C VERSLAG VAN EEN SCHRIFTELIJK OVERLEG

Vastgesteld 29 augustus 2013

De vaste commissie voor Economische Zaken1 heeft kennisgenomen van de brief van de Minister van Economische Zaken van 22 april 2013 inzake het voornemen tot oprichting door de Staat van de Stichting Voorbereiding Pallas-reactor.2 De commissie heeft de Minister op 8 mei 2013 op de hoogte gesteld van het voornemen om de brief in de eerstvolgende commissievergadering na afronding van de behandeling door de Tweede Kamer opnieuw te agenderen3, hetgeen is gebeurd op 2 en 9 juli 2013.

Naar aanleiding hiervan hebben de leden van de fracties van PvdA en D66 een aantal vragen gesteld aan de Minister op 16 juli 2013.

De Minister heeft op 27 augustus 2013 gereageerd.

De commissie brengt bijgaand verslag uit van het gevoerde schriftelijk overleg.

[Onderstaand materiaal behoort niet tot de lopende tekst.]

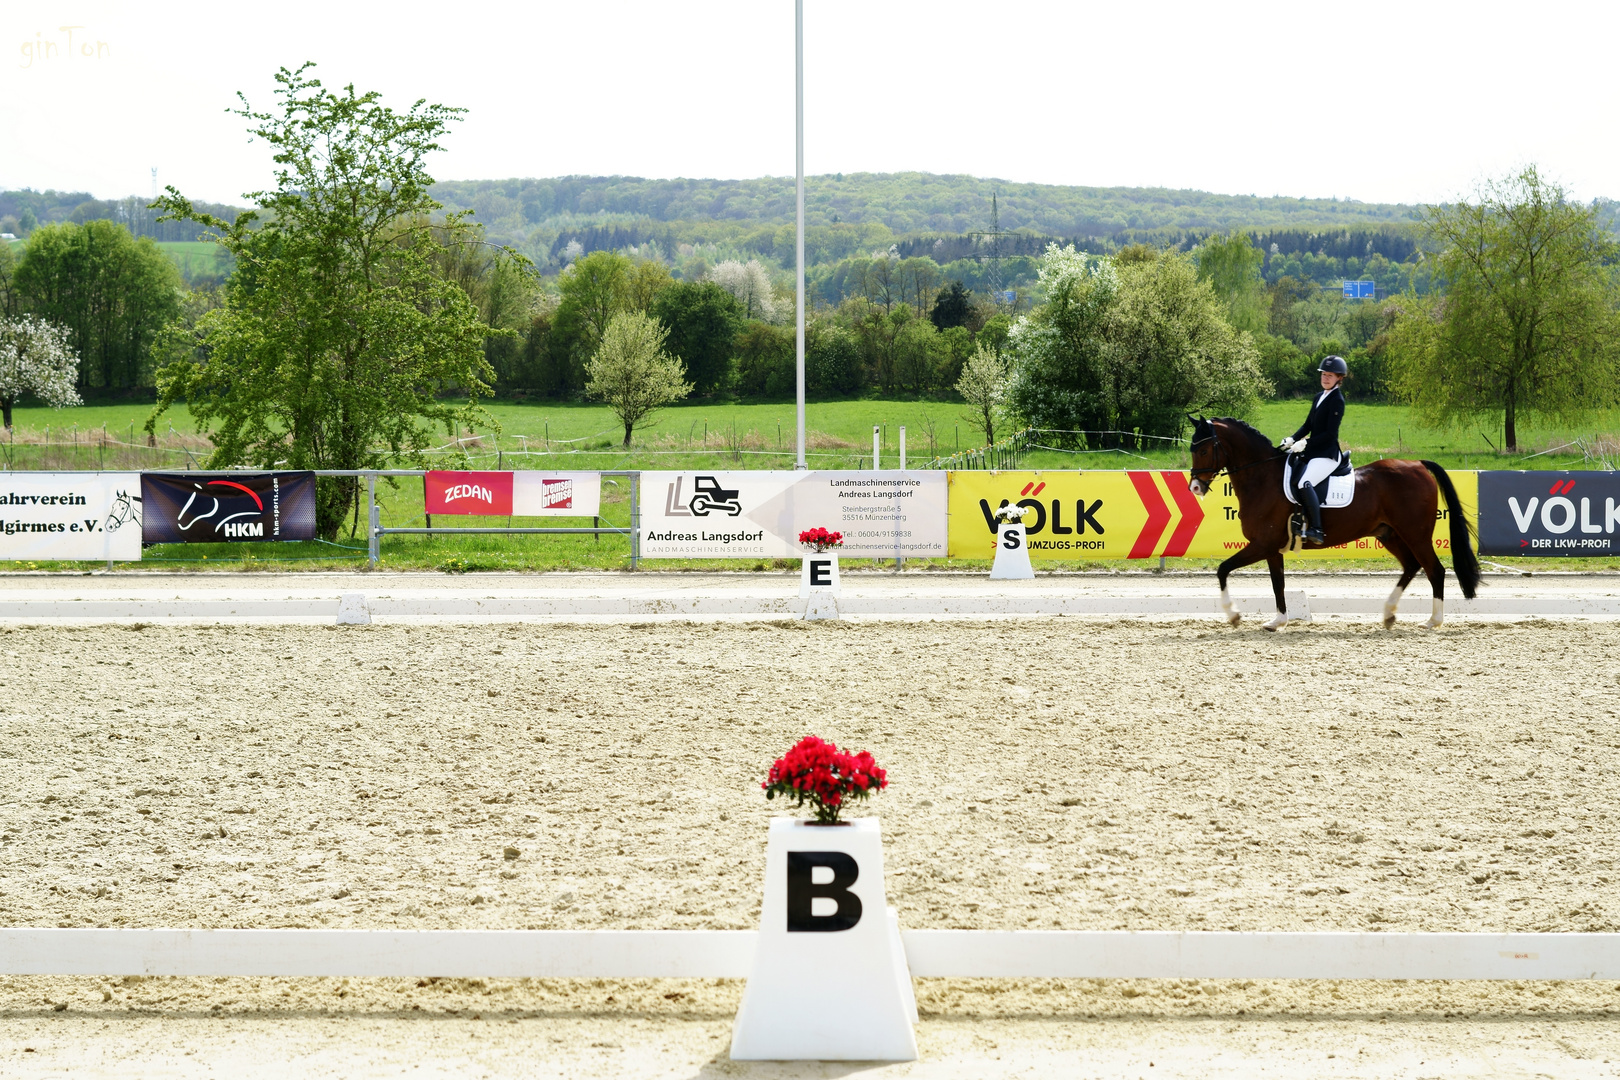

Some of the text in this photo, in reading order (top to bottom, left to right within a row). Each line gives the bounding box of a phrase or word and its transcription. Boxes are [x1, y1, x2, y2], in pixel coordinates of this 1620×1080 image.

[830, 479, 921, 487] Landmaschinenservice
[0, 492, 86, 505] ahrverein
[445, 484, 492, 504] ZEDAN
[838, 489, 913, 499] Andreas Langsdorf
[842, 505, 895, 513] Steinbergstraße
[979, 482, 1105, 535] VÖLK
[1508, 480, 1620, 534] VÖLK
[865, 513, 907, 522] Münzenberg
[224, 522, 264, 537] HKM
[858, 531, 912, 539] 06004/9159838
[647, 530, 763, 544] Andreas Langsdorf
[1003, 530, 1021, 550] S
[1532, 539, 1611, 548] DER LKW-PROFI
[810, 560, 832, 586] E
[787, 851, 863, 932] B

De griffier van de vaste commissie voor Economische Zaken, W. de Boer

BRIEF AAN DE MINISTER VAN ECONOMISCHE ZAKEN

Den Haag, 16 juli 2013

De vaste commissie voor Economische Zaken heeft met belangstelling kennisgenomen van uw brief van 22 april 2013 inzake het voornemen tot oprichting door de Staat van de Stichting Voorbereiding Pallas-reactor.4 De commissie heeft u op 8 mei 2013 op de hoogte gesteld van het voornemen om de brief in de eerstvolgende commissievergadering na afronding van de behandeling door de Tweede Kamer opnieuw te agenderen5, hetgeen is gebeurd op 2 en 9 juli 2013. Hieruit bleek dat de leden van de fracties van PvdA en D66 de hiernavolgende vragen aan u wensen te stellen naar aanleiding van uw voornemen.

PvdA

De leden van de PvdA-fractie hebben met belangstelling kennisgenomen van het voornemen tot oprichting van de Stichting Voorbereiding Pallas-reactor. Onderzoeksreactoren zijn volgens uw antwoorden aan de Tweede Kamercommissie voor Economische Zaken – bijna – allemaal 100% gefinancierd met overheidsmiddelen.6 Deze nieuwe reactor is echter beoogd om gebouwd te gaan worden met private financiering. In verband daarmee verzoeken deze leden u om de volgende vragen te beantwoorden.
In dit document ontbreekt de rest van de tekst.